Troubleshooting Pages Not Crawled

Frequently Asked Questions

Can I submit a sitemap to the Moz Crawler?
No, we do not currently support submitting a sitemap to our crawler. If your sitemap is linked on your site (not just in your robots.txt file), our crawler may attempt to crawl it but please note that sitemaps are only used as a guide for a crawler but that does not mean that the crawler will be able to access all of the pages listed.

What’s covered?

In this guide you’ll learn more about how to investigate when pages you’re expecting to be crawled aren’t crawled in your Moz Pro Campaign’s Site Crawl. If you’re receiving an error that your crawl wasn’t able to be completed, please see our guide for troubleshooting when Moz can’t crawl your site.

Quick Links

Overview of How We Crawl

Our Site Crawl bot, Rogerbot, finds pages by crawling all of the HTML links on the homepage of your site. It then moves on to crawl all of those pages and their HTML links and so on. Rogerbot continues like that until all of the pages we can find are crawled for the site, subdomain, or subfolder that was entered when you created your Campaign or it reaches the crawl limit set for your Campaign - whichever comes first.

Usually, if a page can follow a link path back to the homepage, it should end up getting crawled. If it doesn't, it may be a sign that those pages aren't as accessible as they could be to search engines or that Rogerbot is being blocked in some way.

Below we’ll talk about how to investigate a few of the reasons certain pages on your site may not end up getting captured in your Site Crawl.

Please note: This guide is intended to help you investigate why pages aren’t being captured in your Campaign Site Crawl. If you’re having trouble with links being crawled for the Moz Link Index and Link Explorer, please see our Moz Isn’t Finding Your Links guide.

How to Review Your Crawled Pages

If there are pages you’re expecting to have crawled in your Site Crawl data but they are being missed, there are a variety of reasons why this could be happening.

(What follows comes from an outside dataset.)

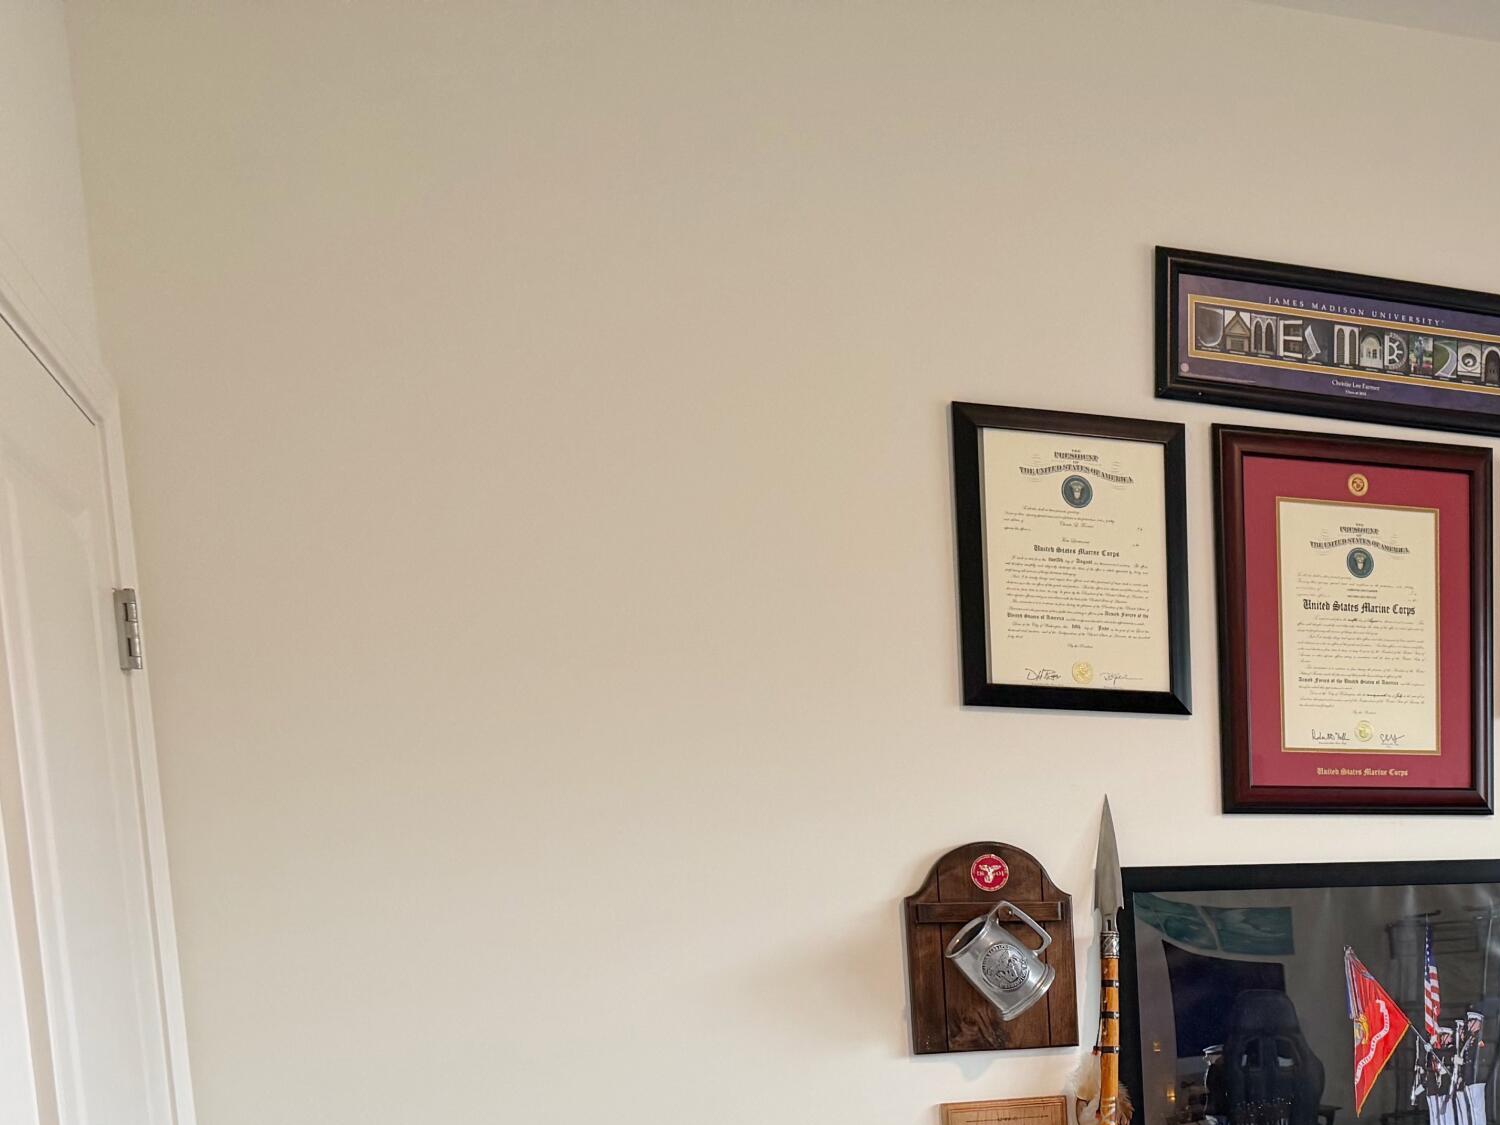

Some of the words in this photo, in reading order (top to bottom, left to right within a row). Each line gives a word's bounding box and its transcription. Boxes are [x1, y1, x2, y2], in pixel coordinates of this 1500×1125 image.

There are a few places in your Campaign where you can monitor and review the pages included in your Site Crawl.

First, the Site Crawl Overview and the All Crawled Pages sections of your Campaign will provide a count of the total number of pages crawled with each of your weekly site crawls. If you have a rough idea of the size of your site and you’re seeing a lower number than anticipated, there may be pages on your site which aren’t being crawled.

Use the All Crawled Pages section of Site Crawl to monitor the number of pages crawled each week.

Within the All Crawled Pages section of your Campaign you can filter by a partial or complete URL to see if a page, or set of pages, you’re expecting to be included was captured in the crawl. Additionally, you can export a full list of your All Crawled Pages to CSV where you can filter and sort as needed.

Use the filter options to find specific pages or groups of pages.

Campaign Page Crawl Limit

When investigating why some pages may not have been captured in your Site Crawl, one of the easiest things to check is the Page Crawl Limit for your Campaign. If the Page Crawl Limit for your Campaign is lower than the total number of pages on your site, some pages may not end up being crawled.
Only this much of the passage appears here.